======== MATERIALS PROVIDED ========

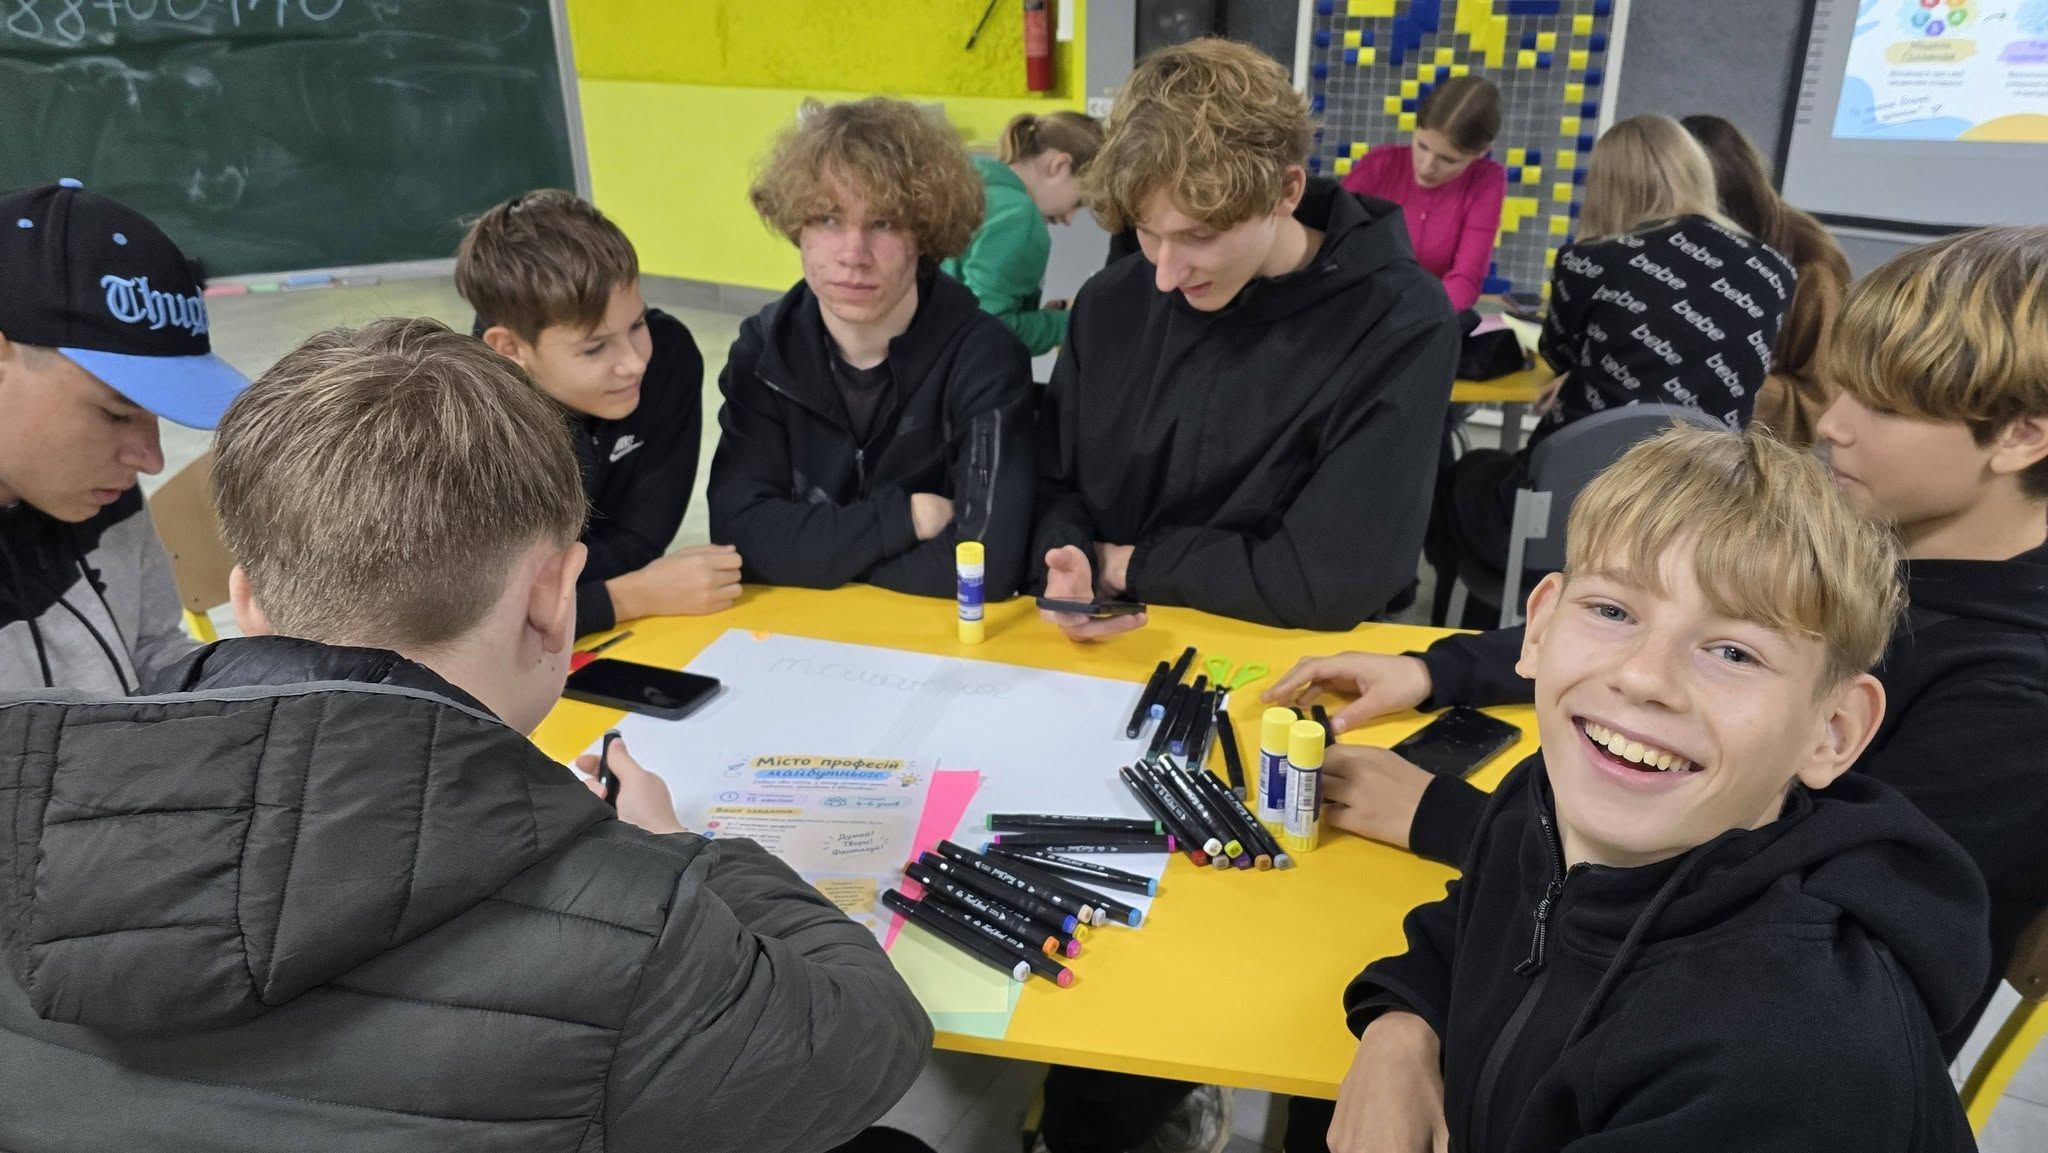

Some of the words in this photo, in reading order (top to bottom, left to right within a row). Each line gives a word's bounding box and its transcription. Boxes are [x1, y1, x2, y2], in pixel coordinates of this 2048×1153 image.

[1561, 249, 1605, 279] bebe
[1667, 231, 1724, 269] bebe
[1628, 252, 1688, 290] bebe
[1710, 277, 1764, 318] bebe
[1671, 299, 1726, 342] bebe
[1630, 323, 1683, 366] bebe
[1600, 354, 1640, 391] bebe
[1706, 352, 1745, 398] bebe
[1662, 376, 1699, 409] beb
[756, 757, 811, 767] Місто
[820, 758, 900, 770] професій
[768, 767, 884, 780] майбутнього

========

TASK. Verbatim copy with pictures excluded: write out the records above in full.

OUTPUT BELOW.
Some of the words in this photo, in reading order (top to bottom, left to right within a row). Each line gives a word's bounding box and its transcription. Boxes are [x1, y1, x2, y2], in pixel coordinates of this 2048×1153 image.

[1561, 249, 1605, 279] bebe
[1667, 231, 1724, 269] bebe
[1628, 252, 1688, 290] bebe
[1710, 277, 1764, 318] bebe
[1671, 299, 1726, 342] bebe
[1630, 323, 1683, 366] bebe
[1600, 354, 1640, 391] bebe
[1706, 352, 1745, 398] bebe
[1662, 376, 1699, 409] beb
[756, 757, 811, 767] Місто
[820, 758, 900, 770] професій
[768, 767, 884, 780] майбутнього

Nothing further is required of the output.